No line before the one containing "this 1920×1114 image." should appear; that line and all lines after it, through the end of the data, are to be set down exactly.
+--
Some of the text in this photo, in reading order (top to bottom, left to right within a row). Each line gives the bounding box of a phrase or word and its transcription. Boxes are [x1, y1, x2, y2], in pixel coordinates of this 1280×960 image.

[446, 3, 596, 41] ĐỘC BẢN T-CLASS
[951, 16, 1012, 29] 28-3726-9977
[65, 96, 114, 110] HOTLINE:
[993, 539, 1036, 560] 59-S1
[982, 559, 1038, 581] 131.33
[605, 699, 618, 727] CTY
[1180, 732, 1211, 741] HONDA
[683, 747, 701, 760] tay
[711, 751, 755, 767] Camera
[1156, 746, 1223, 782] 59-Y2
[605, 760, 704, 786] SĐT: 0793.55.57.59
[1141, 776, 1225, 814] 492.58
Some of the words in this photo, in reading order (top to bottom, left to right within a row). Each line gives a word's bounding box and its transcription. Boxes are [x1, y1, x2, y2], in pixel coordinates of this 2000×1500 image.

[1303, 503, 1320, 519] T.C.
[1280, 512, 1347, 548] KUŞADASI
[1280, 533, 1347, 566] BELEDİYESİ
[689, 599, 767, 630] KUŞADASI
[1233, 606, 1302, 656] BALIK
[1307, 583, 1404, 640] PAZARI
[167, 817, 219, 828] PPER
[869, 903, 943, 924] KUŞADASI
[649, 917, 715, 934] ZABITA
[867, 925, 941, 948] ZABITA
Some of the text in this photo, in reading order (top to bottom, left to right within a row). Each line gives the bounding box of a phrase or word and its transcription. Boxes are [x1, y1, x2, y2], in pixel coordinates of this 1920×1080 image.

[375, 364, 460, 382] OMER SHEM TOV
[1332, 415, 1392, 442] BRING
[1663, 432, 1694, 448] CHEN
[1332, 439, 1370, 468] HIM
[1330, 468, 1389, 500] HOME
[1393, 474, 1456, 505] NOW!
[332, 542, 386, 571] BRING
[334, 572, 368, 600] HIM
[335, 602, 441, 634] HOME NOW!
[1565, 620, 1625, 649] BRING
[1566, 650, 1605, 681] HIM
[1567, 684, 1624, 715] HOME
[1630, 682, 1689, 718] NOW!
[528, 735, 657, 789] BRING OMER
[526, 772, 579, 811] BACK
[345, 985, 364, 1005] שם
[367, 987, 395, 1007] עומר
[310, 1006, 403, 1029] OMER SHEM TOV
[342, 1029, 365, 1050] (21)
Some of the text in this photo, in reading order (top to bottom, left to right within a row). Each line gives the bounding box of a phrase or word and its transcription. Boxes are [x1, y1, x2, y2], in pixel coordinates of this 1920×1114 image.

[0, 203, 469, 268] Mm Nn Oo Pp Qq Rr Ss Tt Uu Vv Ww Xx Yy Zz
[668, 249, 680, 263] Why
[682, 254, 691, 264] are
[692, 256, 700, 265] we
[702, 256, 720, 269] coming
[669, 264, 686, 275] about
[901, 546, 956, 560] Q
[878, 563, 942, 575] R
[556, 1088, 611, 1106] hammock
+--
# SOLUTION FOR THIS EXERCISE:
Some of the text in this photo, in reading order (top to bottom, left to right within a row). Each line gives the bounding box of a phrase or word and its transcription. Boxes are [x1, y1, x2, y2], in pixel coordinates of this 1920×1114 image.

[0, 203, 469, 268] Mm Nn Oo Pp Qq Rr Ss Tt Uu Vv Ww Xx Yy Zz
[668, 249, 680, 263] Why
[682, 254, 691, 264] are
[692, 256, 700, 265] we
[702, 256, 720, 269] coming
[669, 264, 686, 275] about
[901, 546, 956, 560] Q
[878, 563, 942, 575] R
[556, 1088, 611, 1106] hammock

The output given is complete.